Vous avez encore en tête l'affaire Orelsan, ce grand artiste qui a chanté ce monument de la chanson française qu'est Sale pute (qu'il ne chante plus, juré, promis) mais qui chante aussi encore et toujours de douces paroles comme "suce ma bite pour la Saint Valentin" ou "je vais te Marie Trintigner".

Ils sont nombreux à être montés au créneaux pour défendre sa liberté d'expression : je peux citer, au hasard, François Bayrou, Marc Cohen ou Guy Birenbaum, la MJC de Rennes , la direction nationale du PS, et bien sûr tous les directeurs de Festivals ou de salles qui l'ont soutenu et invité.

Il ne restait plus aux femmes et aux associations féministes qui s'insurgent contre ces chansons qu'à manifester lors des concerts d'Orelsan.

Ah! oui, mais ça on peut pas ! Non !

Parceque si Orelsan à le droit de chanter des chansons qui détaillent avec complaisance des violences infligées à ses copines, il est INTERDIT de le critiquer.

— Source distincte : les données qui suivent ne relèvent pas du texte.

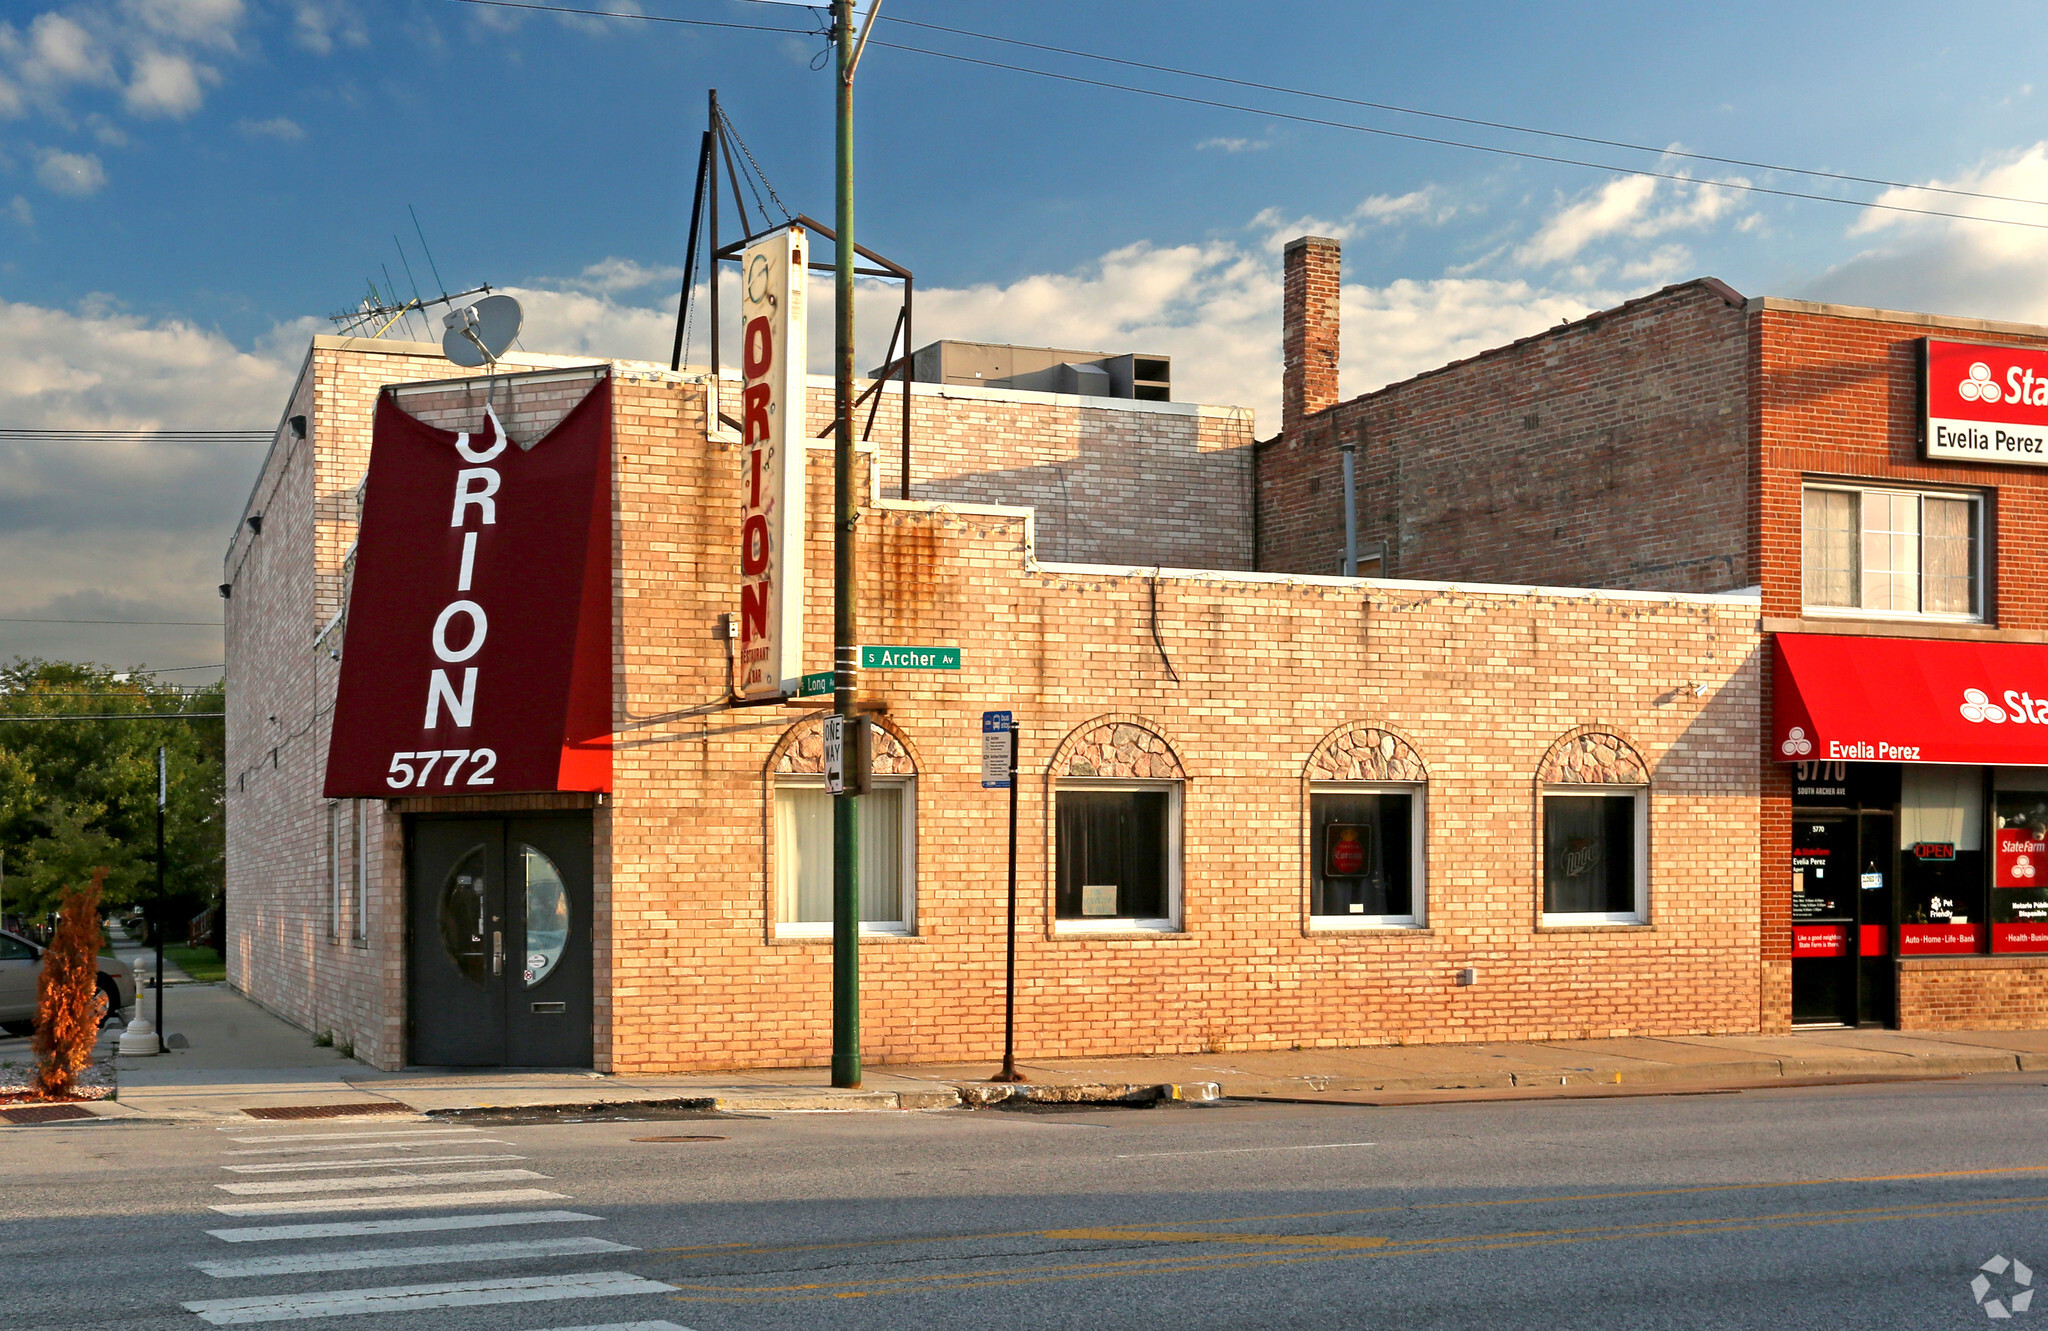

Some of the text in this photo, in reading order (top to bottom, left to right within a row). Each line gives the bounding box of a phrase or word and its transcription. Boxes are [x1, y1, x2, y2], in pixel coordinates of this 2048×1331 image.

[2005, 366, 2048, 406] Sta
[1937, 426, 2043, 453] Evelia Perez
[742, 316, 773, 643] ORION
[741, 647, 769, 664] RESTAURANT
[868, 650, 953, 666] S Archer Av
[807, 678, 826, 693] Long
[825, 722, 840, 741] ONE
[825, 744, 841, 763] WAY
[1829, 741, 1921, 760] Evelia Perez
[386, 748, 498, 789] 5772
[1797, 787, 1846, 795] SOUTH ARCHER AVE
[1915, 844, 1953, 858] OPEN
[1943, 899, 1953, 907] Pet
[1930, 909, 1953, 918] Friendly
[1905, 934, 1975, 944] Auto Home Life Bank
[2008, 933, 2028, 942] Health

C'est son avocat qui met les associations « en demeure d’interrompre immédiatement toutes leurs actions de nature à porter atteinte au bon déroulement de la carrière d’OrelSan ».

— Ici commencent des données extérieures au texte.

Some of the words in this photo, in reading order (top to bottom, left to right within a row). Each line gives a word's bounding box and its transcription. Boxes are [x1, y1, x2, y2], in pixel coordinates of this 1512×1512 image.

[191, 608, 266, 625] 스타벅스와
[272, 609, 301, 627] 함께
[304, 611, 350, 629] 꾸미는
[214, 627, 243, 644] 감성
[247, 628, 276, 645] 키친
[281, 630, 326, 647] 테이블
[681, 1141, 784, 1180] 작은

J'ai hâte de connaitre l'avis de François Bayrou ainsi que celui de Guy Birenbaum qui a longuement commenté mon dernier billet sur le sujet.

Vous pouvez lire le communiqué de presse du CNDF (Collectif National pour les Droits des Femmes)

Les associations appellent à un rassemblement le 13 mai au Bataclan où Orelsan se produira ce jour-là.